Florian Drücke, presidente de la organización musical alemana BVMI, ve el mismo fallo como un riesgo en sentido contrario, advirtiendo que el pastiche podría convertirse en «un salvoconducto para el sampleo no autorizado» si los tribunales lo aplican con laxitud.

¿Por qué le importa esto a la house y al techno?

La house y el techno se construyeron sobre samples que nadie clareó jamás: líneas de bajo disco troceadas en loops, breaks de funk convertidos en bases rítmicas, fragmentos vocales sacados de viejos maxis. Kraftwerk es en sí mismo materia prima de géneros enteros, sus cajas de ritmos y secuencias atraviesan décadas de techno de Detroit y más allá. Un precedente que dice que un loop corto y transformado puede ser legal sin licencia, siempre que haya distancia creativa real respecto al original, le da a los productores un argumento concreto cuando llega una carta de reclamo. También le da a sellos y titulares de derechos un blanco más estrecho: demostrar que no hubo transformación real, o que el sample se mantuvo reconocible como el original y no como mera materia prima.

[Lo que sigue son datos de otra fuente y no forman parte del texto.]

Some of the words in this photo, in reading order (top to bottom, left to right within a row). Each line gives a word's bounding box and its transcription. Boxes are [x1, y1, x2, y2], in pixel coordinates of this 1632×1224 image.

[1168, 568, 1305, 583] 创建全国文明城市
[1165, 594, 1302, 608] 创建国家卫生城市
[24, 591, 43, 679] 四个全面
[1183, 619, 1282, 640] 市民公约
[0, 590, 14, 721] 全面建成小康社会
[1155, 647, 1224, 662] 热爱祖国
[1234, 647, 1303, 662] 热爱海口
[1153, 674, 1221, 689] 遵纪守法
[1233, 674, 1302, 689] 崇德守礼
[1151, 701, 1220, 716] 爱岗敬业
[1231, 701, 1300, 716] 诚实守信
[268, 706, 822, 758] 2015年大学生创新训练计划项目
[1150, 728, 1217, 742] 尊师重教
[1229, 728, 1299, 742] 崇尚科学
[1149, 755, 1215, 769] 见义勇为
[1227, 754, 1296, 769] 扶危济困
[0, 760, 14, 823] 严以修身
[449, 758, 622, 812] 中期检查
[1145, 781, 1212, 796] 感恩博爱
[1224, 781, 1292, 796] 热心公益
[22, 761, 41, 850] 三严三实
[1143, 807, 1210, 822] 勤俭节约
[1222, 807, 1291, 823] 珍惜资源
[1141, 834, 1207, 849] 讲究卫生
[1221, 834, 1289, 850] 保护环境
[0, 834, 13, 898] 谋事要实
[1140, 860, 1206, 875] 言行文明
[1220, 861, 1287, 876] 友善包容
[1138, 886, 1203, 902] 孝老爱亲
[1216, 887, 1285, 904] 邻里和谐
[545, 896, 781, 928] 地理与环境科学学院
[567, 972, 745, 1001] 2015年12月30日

¿Está el caso realmente cerrado?

No del todo. El fallo del BGH resuelve el uso del sample por Pelham desde junio de 2021 en adelante. Una demanda constitucional aparte, que cubre el tramo 1999-2021 del litigio, sigue pendiente, el último capítulo de un pleito que ya pasó por los tribunales alemanes, el Tribunal Constitucional alemán y el TJUE una vez antes. Veintisiete años después, «Nur mir» sobrevivió al debate sobre si tenía derecho a existir.